** Work to complete **
Word for word, output the data, with none of its pictures.

** Records from a collection **
-*-

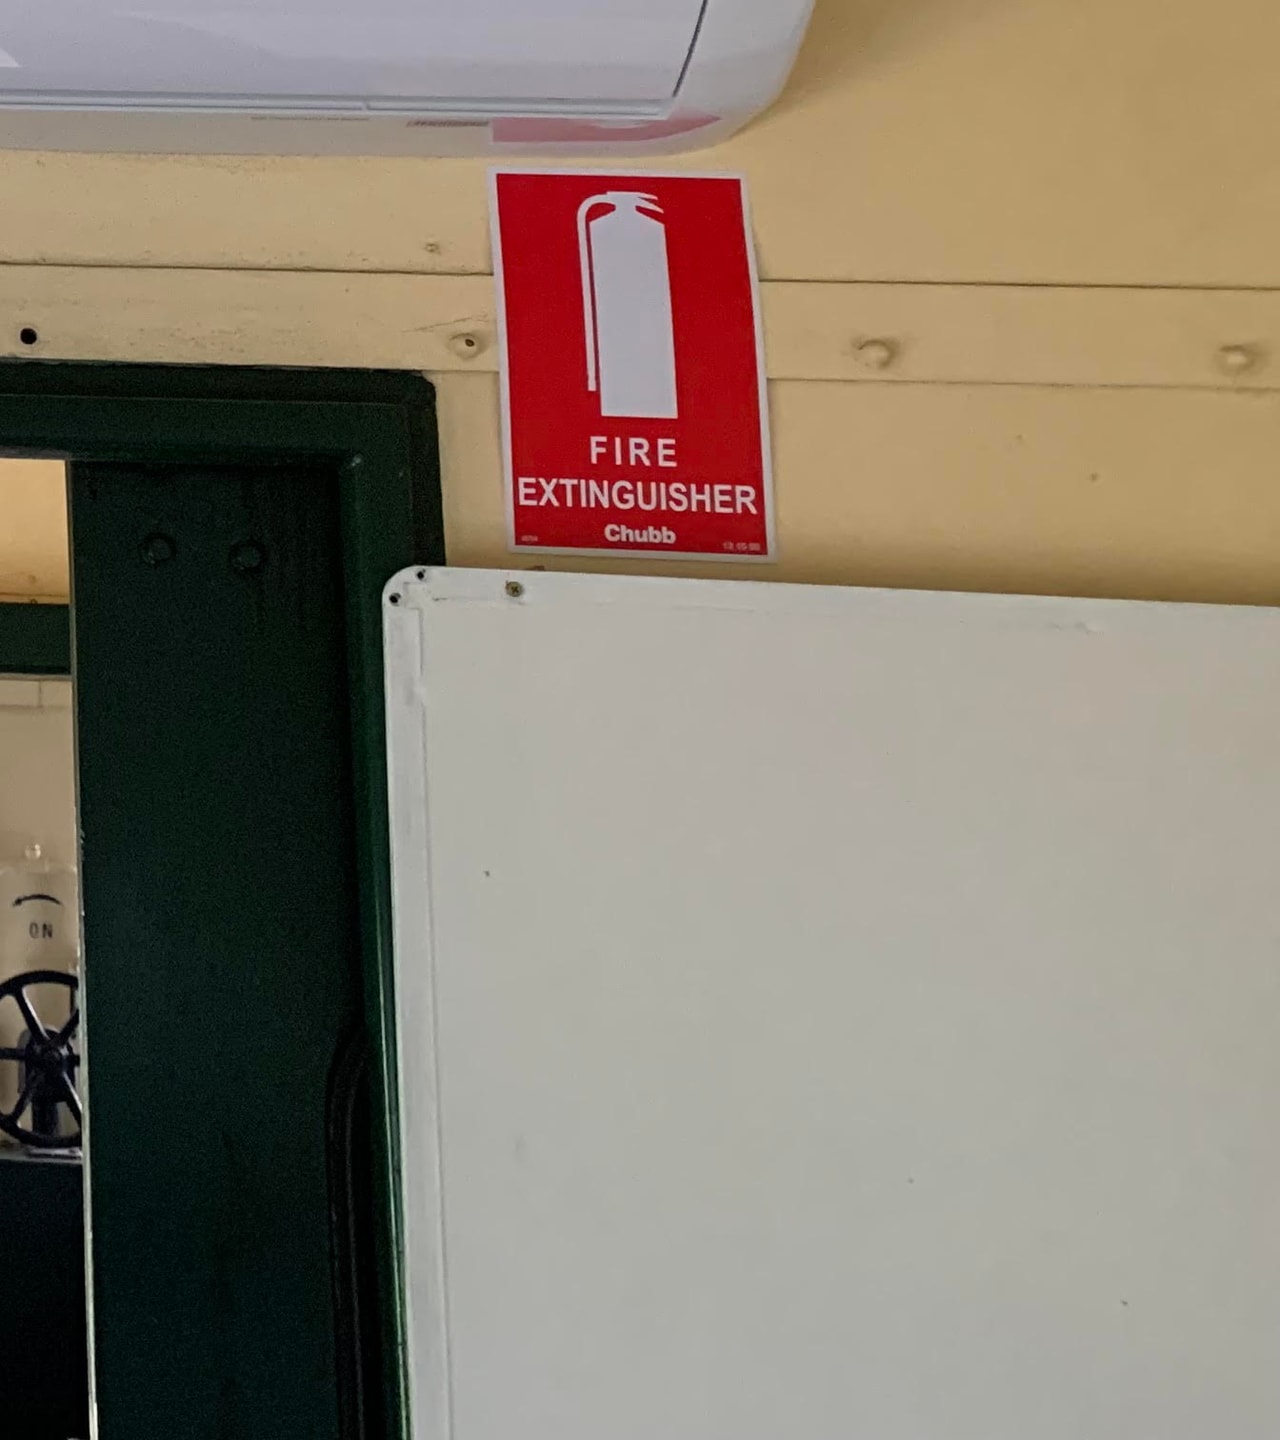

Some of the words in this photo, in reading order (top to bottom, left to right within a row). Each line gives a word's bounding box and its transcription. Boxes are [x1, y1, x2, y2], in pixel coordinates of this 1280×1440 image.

[590, 436, 677, 467] FIRE
[517, 476, 758, 515] EXTINGUISHER
[604, 523, 676, 545] Chubb
[29, 922, 53, 939] ON
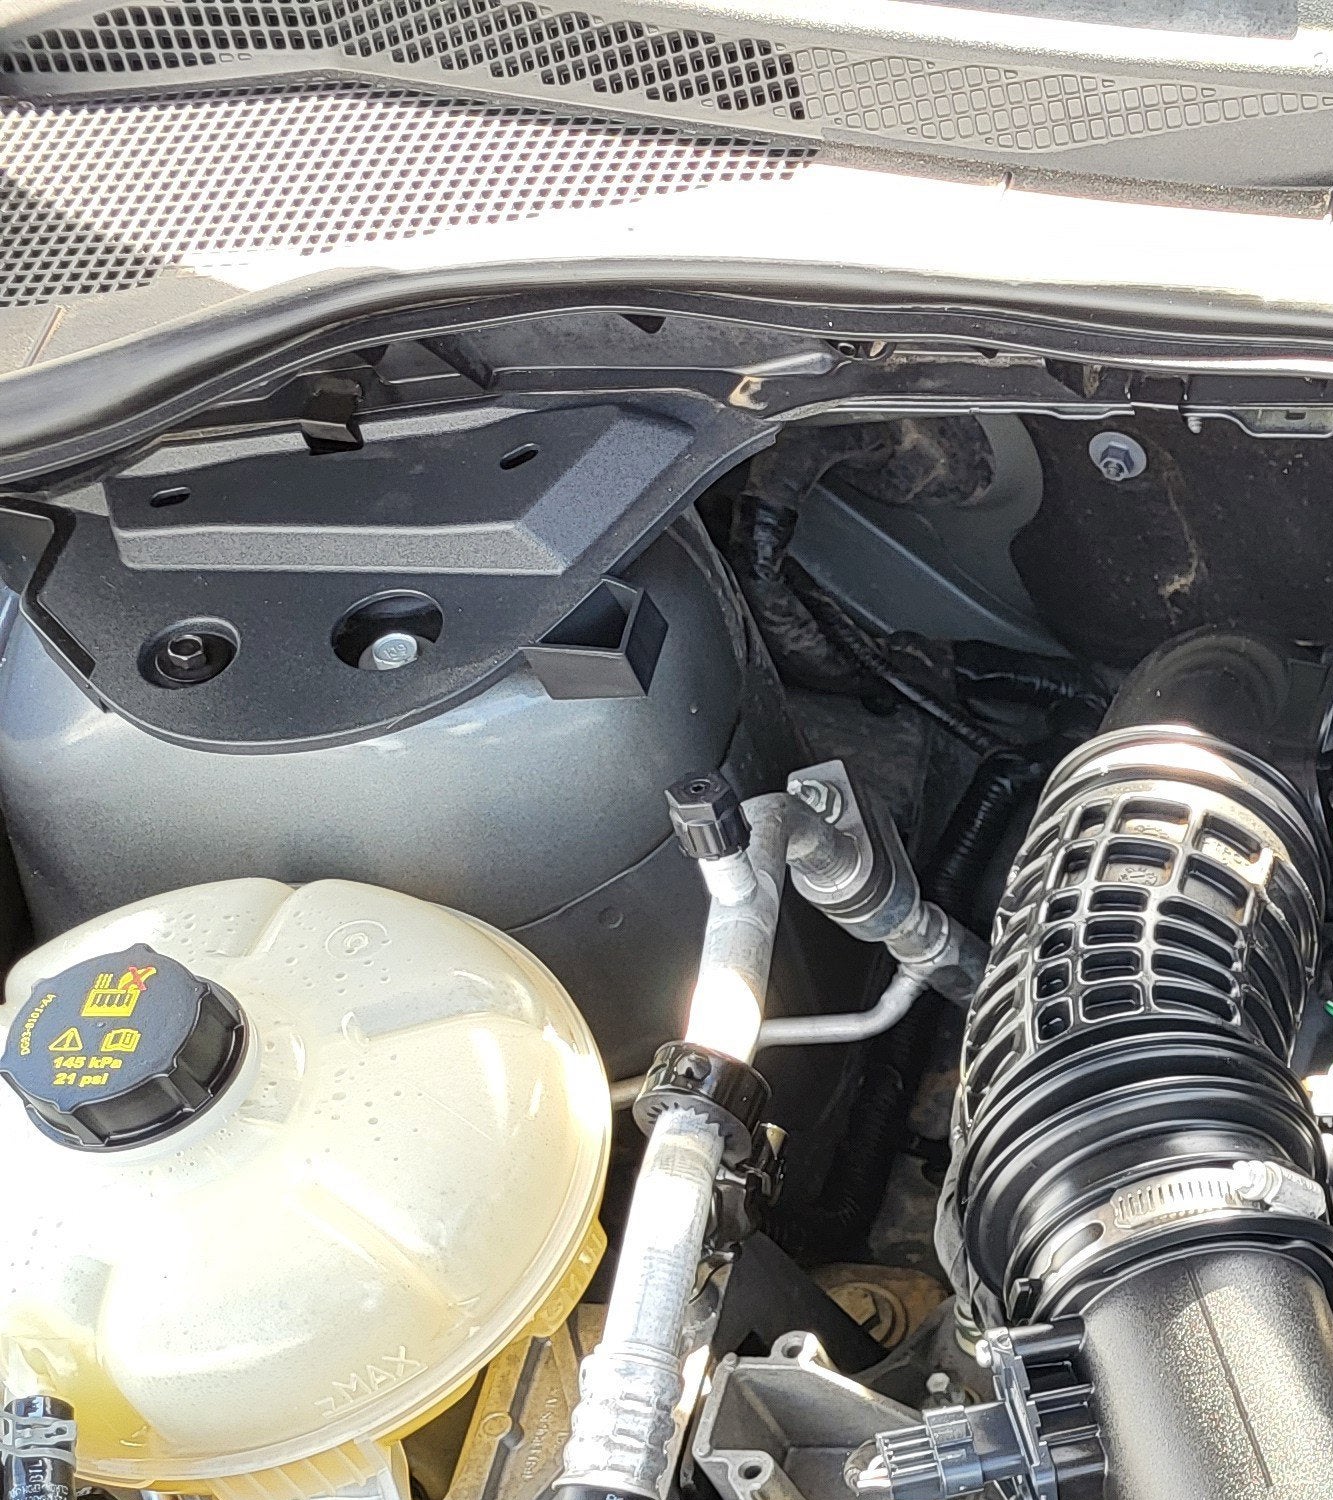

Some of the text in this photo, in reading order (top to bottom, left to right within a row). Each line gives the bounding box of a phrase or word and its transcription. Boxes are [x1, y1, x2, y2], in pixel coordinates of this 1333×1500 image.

[53, 1056, 123, 1069] 145 kPa
[53, 1073, 109, 1088] 21 psi
[331, 1346, 421, 1403] MAX
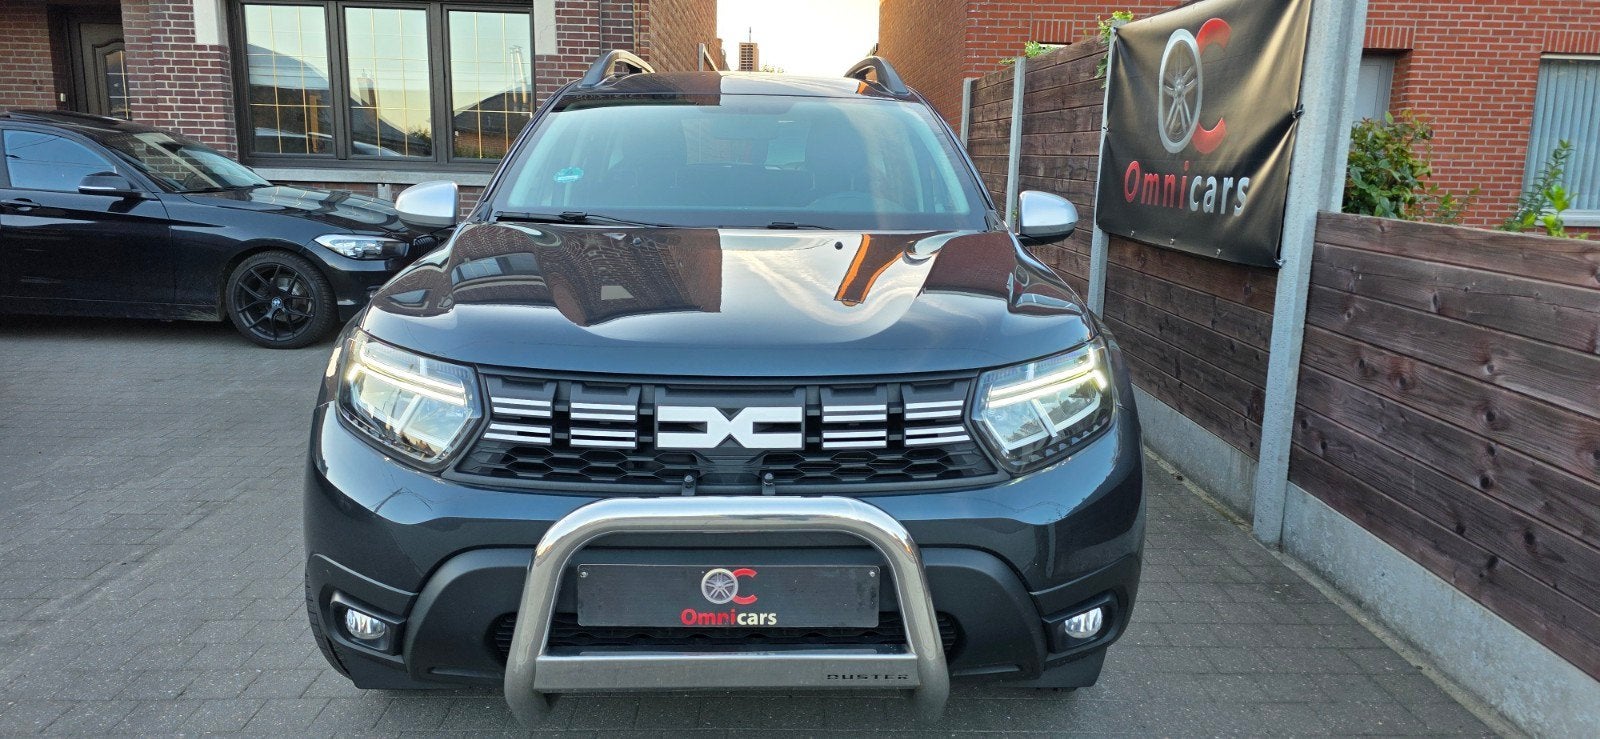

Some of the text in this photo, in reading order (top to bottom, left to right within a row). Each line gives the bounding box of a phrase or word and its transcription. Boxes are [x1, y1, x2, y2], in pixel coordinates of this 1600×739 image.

[1123, 160, 1250, 217] Omnicars
[681, 608, 778, 626] Omnicars
[826, 673, 910, 681] DUSTER
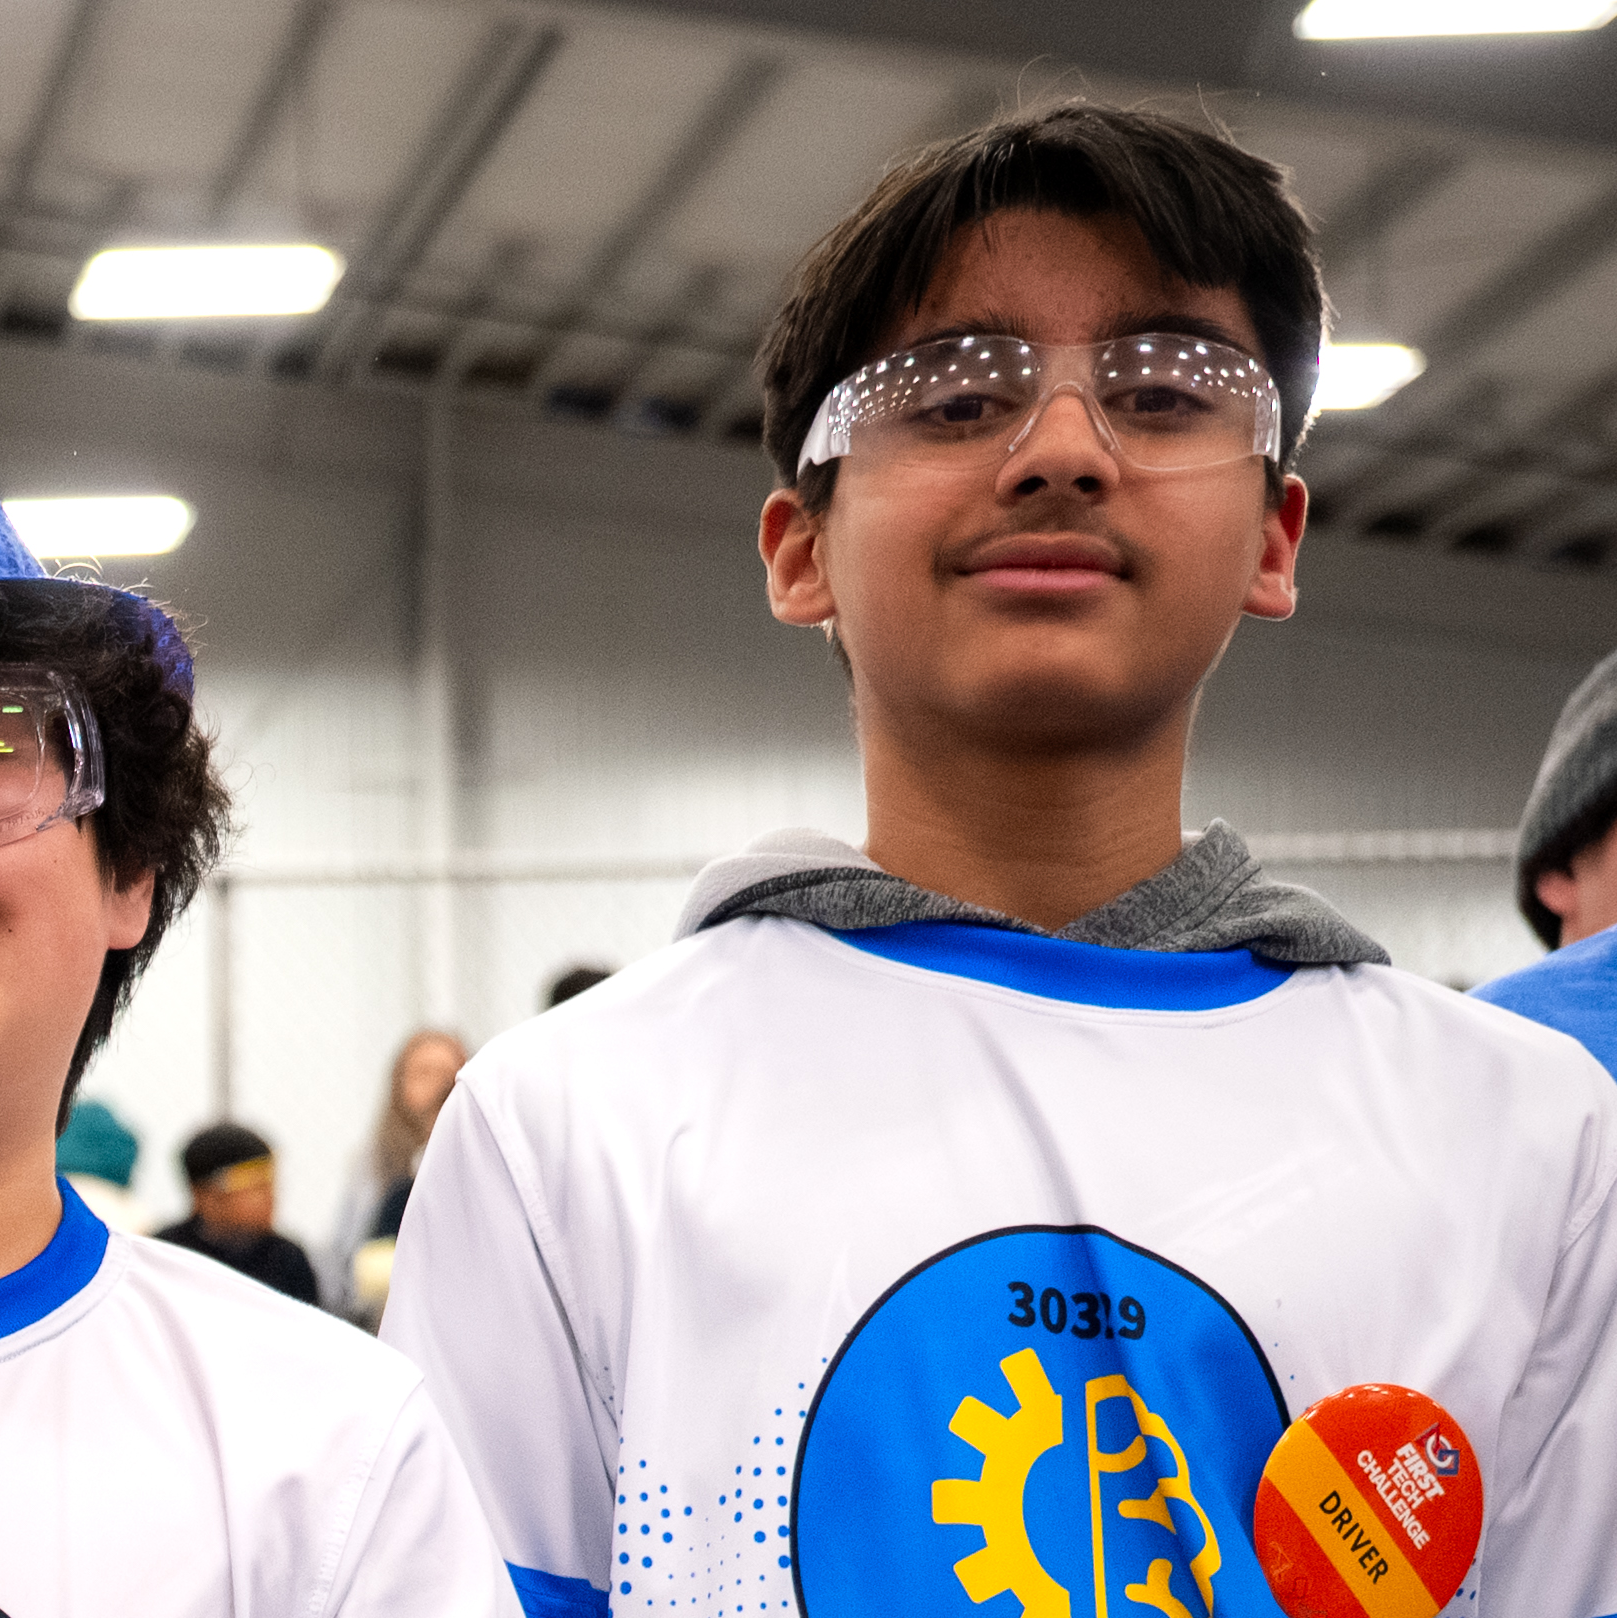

-*-

** Result of the task **
Some of the words in this photo, in reading order (top to bottom, left to right within a row). Each line gives a word's bounding box and its transcription. Boxes are [x1, y1, x2, y2], in pixel coordinates of this 1280×1440 image.

[590, 436, 677, 467] FIRE
[517, 476, 758, 515] EXTINGUISHER
[604, 523, 676, 545] Chubb
[29, 922, 53, 939] ON

Some of the text in this photo, in reading order (top to bottom, left to right within a row). Each line gives the bounding box of a phrase or word and its transcription. Boxes are [x1, y1, x2, y2], in pixel coordinates of this 1333×1500 image.

[53, 1056, 123, 1069] 145 kPa
[53, 1073, 109, 1088] 21 psi
[331, 1346, 421, 1403] MAX

Some of the text in this photo, in reading order (top to bottom, left to right within a row). Each line gives the bounding box of a phrase or word and its transcription. Boxes are [x1, y1, x2, y2], in pixel coordinates of this 1600×739 image.

[1123, 160, 1250, 217] Omnicars
[681, 608, 778, 626] Omnicars
[826, 673, 910, 681] DUSTER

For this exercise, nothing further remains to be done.